# LAADS DAAC Geoloco Regression Tests

This notebook contains contains a suite of regression tests against LAADS DAAC Geoloco Harmony Service against reference data generated on premises. 

Geoloco ideally operates on Levels 3 & 4 data. Level 1B and 2 data can be operated, but the outputs will be automatically reprojected to `Geographic` and regridded to its raster resolution if no `proj4` string is supplied. 

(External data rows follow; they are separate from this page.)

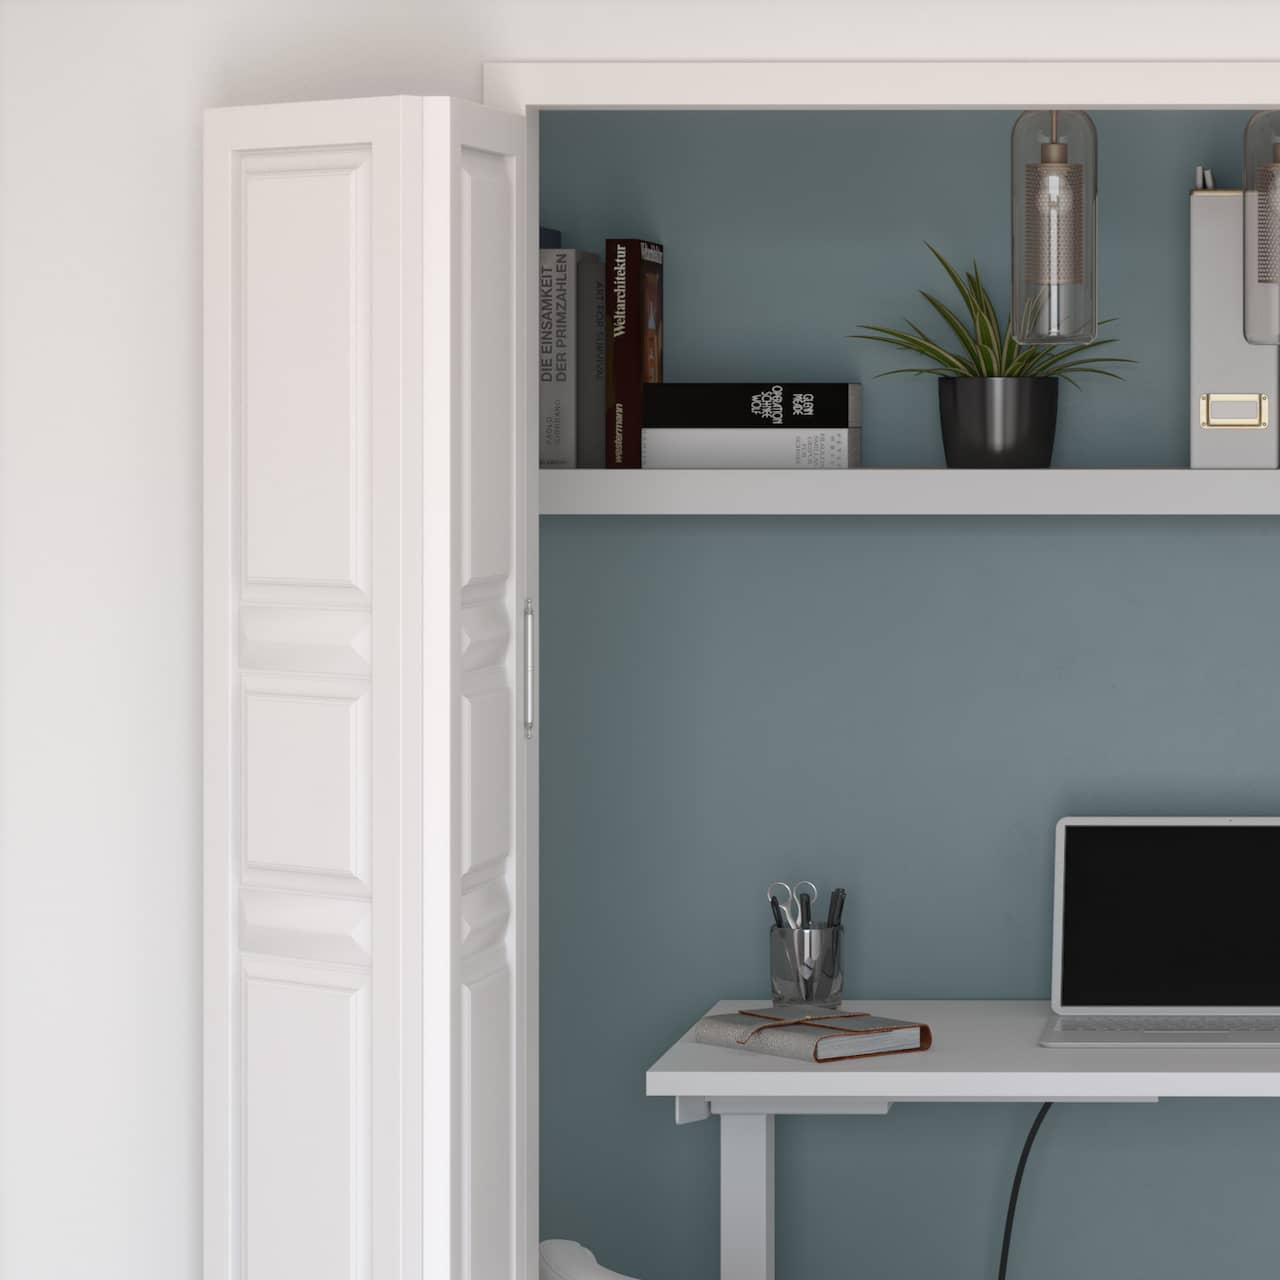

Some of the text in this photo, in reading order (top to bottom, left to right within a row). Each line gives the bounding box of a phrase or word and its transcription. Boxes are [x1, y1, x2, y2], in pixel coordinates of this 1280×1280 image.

[541, 265, 553, 382] DIE EINSAMKEIT
[555, 253, 568, 382] DER PRIMZAHLEN
[613, 243, 627, 338] Weltarchitektur
[615, 402, 624, 464] westermann
[751, 394, 762, 415] WOLF
[771, 385, 783, 424] OPERATION
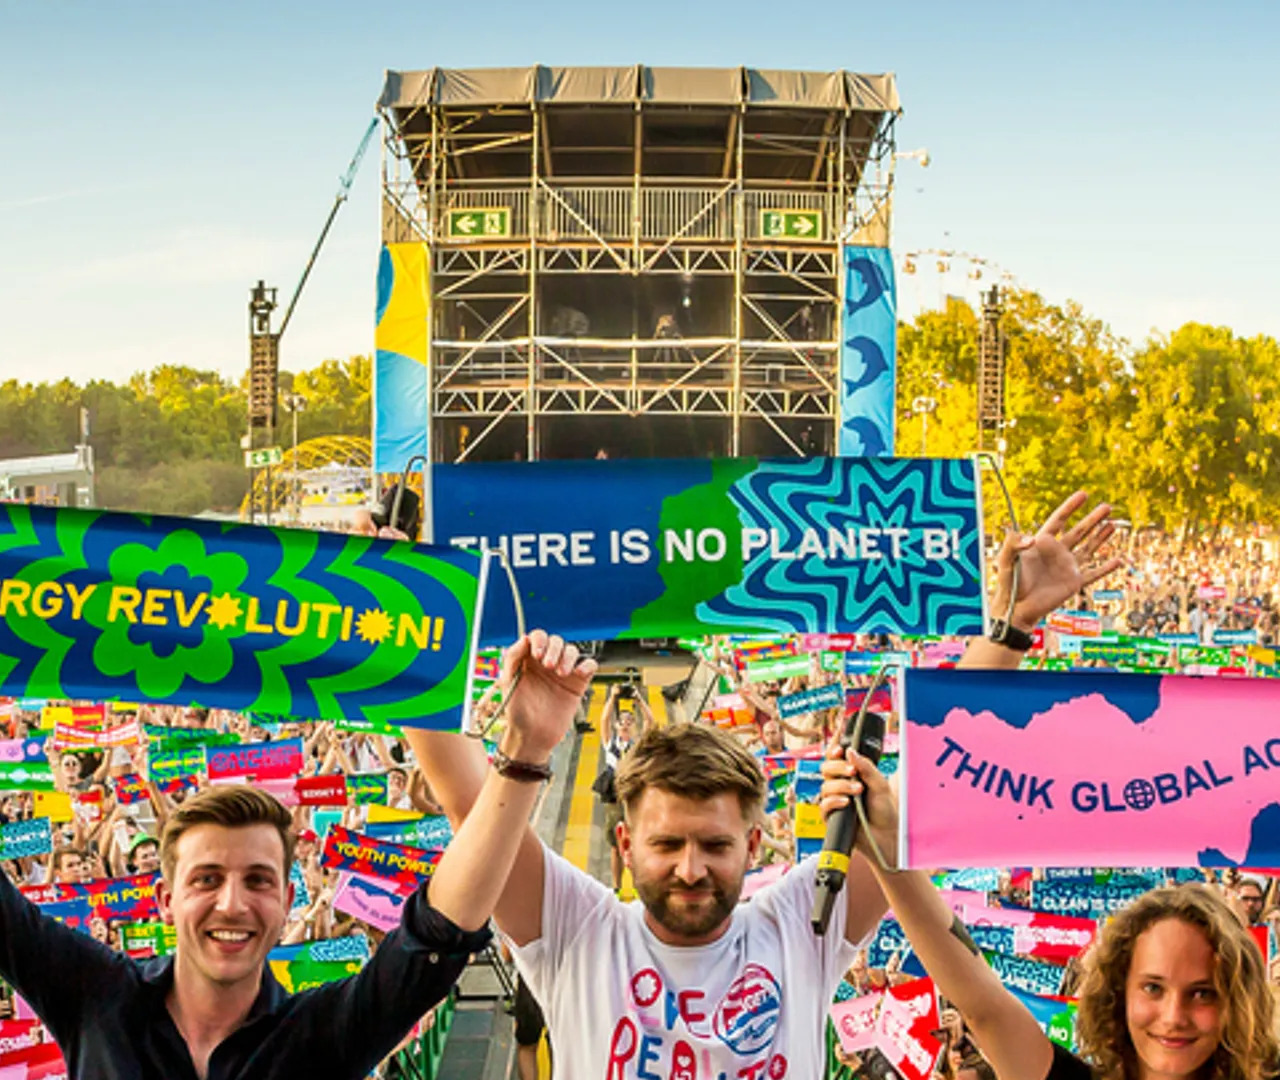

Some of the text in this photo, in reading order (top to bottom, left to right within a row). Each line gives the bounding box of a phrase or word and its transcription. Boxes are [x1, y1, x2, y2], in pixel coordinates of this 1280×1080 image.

[610, 529, 651, 564] IS
[663, 527, 728, 563] NO
[740, 525, 908, 562] PLANET
[922, 523, 961, 559] B!
[933, 737, 1057, 810] THINK
[1071, 760, 1234, 813] GLOBAL
[337, 840, 386, 864] YOUTH

Although geoloco can perform variable and location subsetting, reprojection, resampling and regridding, this regression test suite will focus on reprojection, resampling and regridding. 

## Prerequisites

The dependencies for this notebook are listed in the environment.yaml. To test or install locally, create the papermill environment used in the automated regression testing suite:

`conda env create -f ./environment.yaml && conda activate papermill-geoloco`

A `.netrc` file must also be located in the test directory of this repository.

In [None]:
from harmony import Client, Collection, Environment, Request

from utilities import (
    submit_and_download,
    remove_results_files,
    print_error,
    print_success,
    compare_dimensions,
    compare_data,
)

## Set Default Parameters

`papermill` requires default values for parameters used on the workflow. In this case, `harmony_host_url`

The following are the valid values
- Production: https://harmony.earthdata.nasa.gov
- UAT: https://harmony.uat.earthdata.nasa.gov
- SIT: https://harmony.sit.earthdata.nasa.gov
- Local: http://localhost:3000

In [None]:
harmony_host_url = 'https://harmony.uat.earthdata.nasa.gov'
# harmony_host_url = 'https://harmony.sit.earthdata.nasa.gov'
# harmony_host_url = 'http://localhost:3000'

## Identify Harmony Environment

In [None]:
host_environment = {
    'http://localhost:3000': Environment.LOCAL,
    'https://harmony.sit.earthdata.nasa.gov': Environment.SIT,
    'https://harmony.uat.earthdata.nasa.gov': Environment.UAT,
    'https://harmony.earthdata.nasa.gov': Environment.PROD,
}


harmony_environment = host_environment.get(harmony_host_url)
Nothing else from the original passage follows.